Juan Morales

Personal information
- Full name: Juan Gustavo Waldemar Morales Coronado
- Date of birth: 6 March 1989 (age 36)
- Place of birth: Pisco, Peru
- Height: 1.70 m (5 ft 7 in)
- Position(s): Midfielder

Team information
- Current team: Sport Boys
- Number: 17

Senior career*
- Years: Team / Apps / (Gls)
- 2010–2016: UCV / 117 / (0)
- 2016: Juan Aurich / 11 / (0)
- 2017: Ayacucho / 41 / (0)
- 2018–2019: Unión Comercio / 67 / (1)
- 2020–2021: Alianza Universidad / 45 / (0)
- 2021–2022: Ayacucho FC / 31 / (0)
- 2023–: Sport Boys / 63 / (0)

International career^{‡}
- 2015: Peru U22 / 3 / (0)
- 2012: Peru / 2 / (0)

= Juan Morales (Peruvian footballer) =

Peruvian footballer (born 1989)

Juan Gustavo Waldemar Morales Coronado (born 6 March 1989) is a Peruvian footballer who plays as a midfielder for Sport Boys in the Liga 1.

==Club career==
Morales joined the CD Universidad César Vallejo first team in January 2010. He had to wait until the last match of the 2010 season to make his league debut in the Torneo Descentralizado.

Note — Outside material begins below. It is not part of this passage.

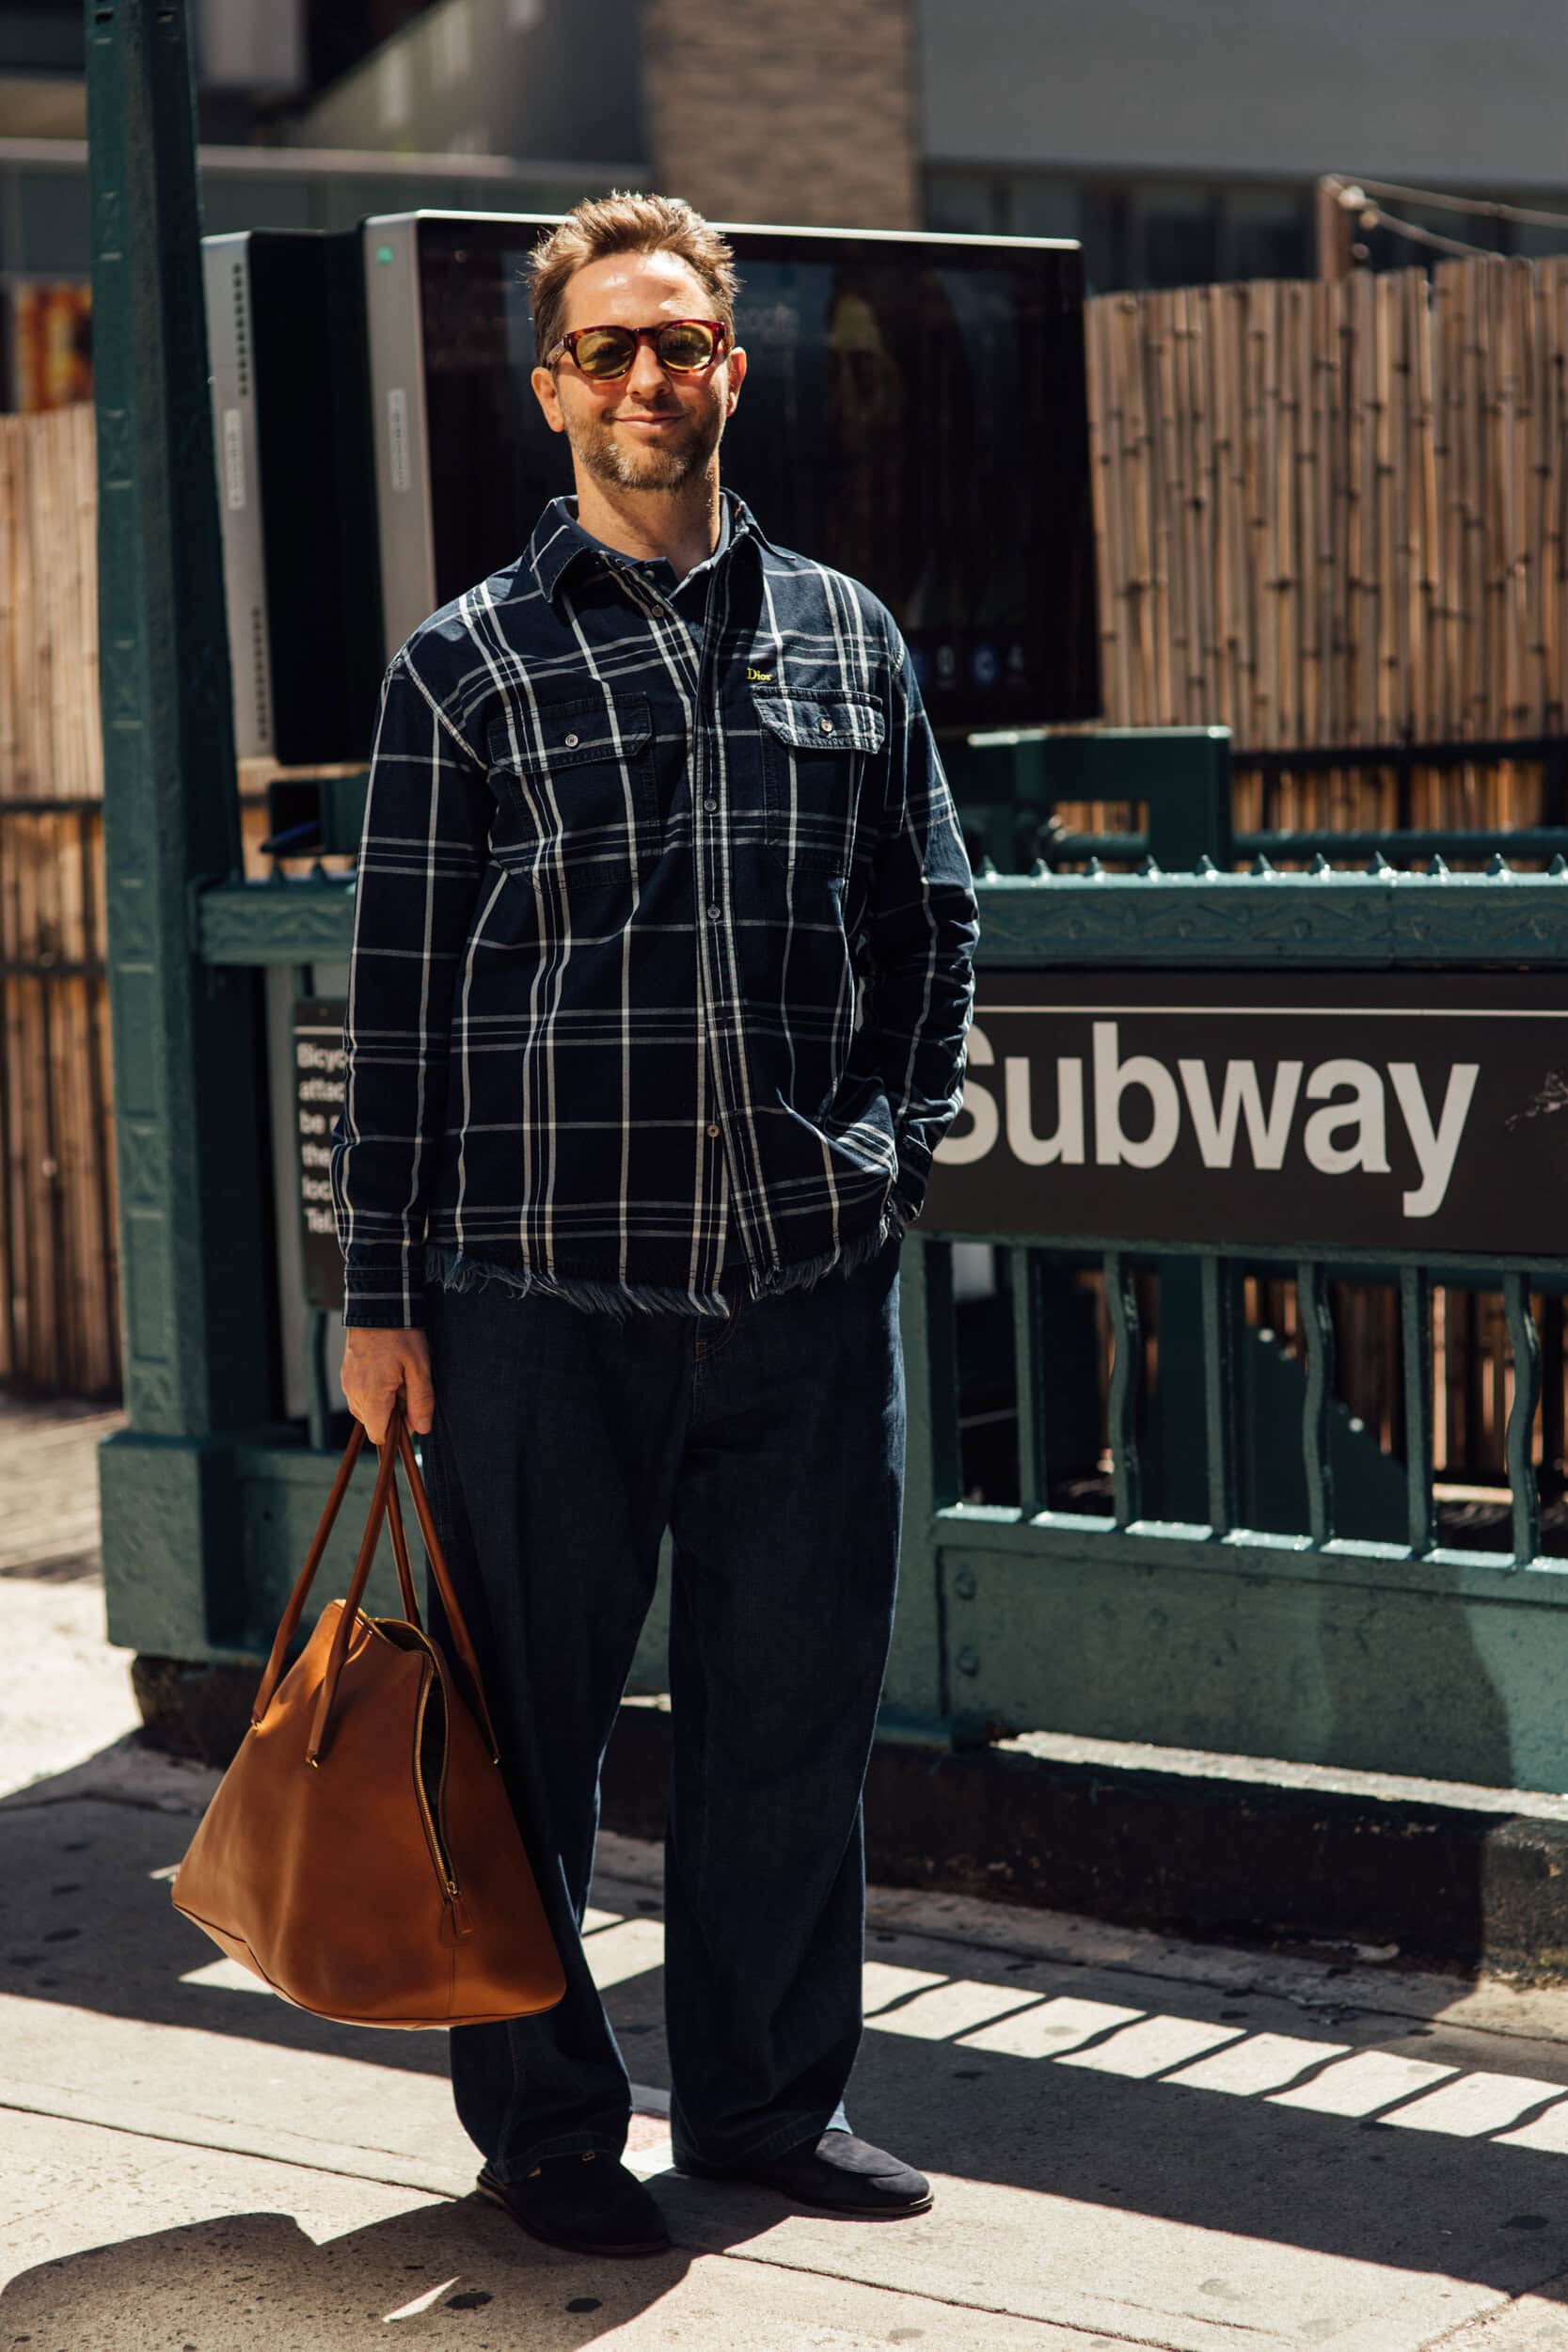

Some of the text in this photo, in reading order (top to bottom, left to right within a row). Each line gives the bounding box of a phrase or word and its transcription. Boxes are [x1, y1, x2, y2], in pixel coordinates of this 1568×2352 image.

[747, 668, 772, 681] Dior
[299, 1108, 326, 1135] be
[932, 1022, 1481, 1218] Subway

Interim manager Benjamín Navarro included him in the starting eleven as his debut eventually finished in a 2–0 home win over FBC Melgar.

==International career==
Morales was called up for the first time to play for the Peru national team on 10 August 2012 in an upcoming friendly.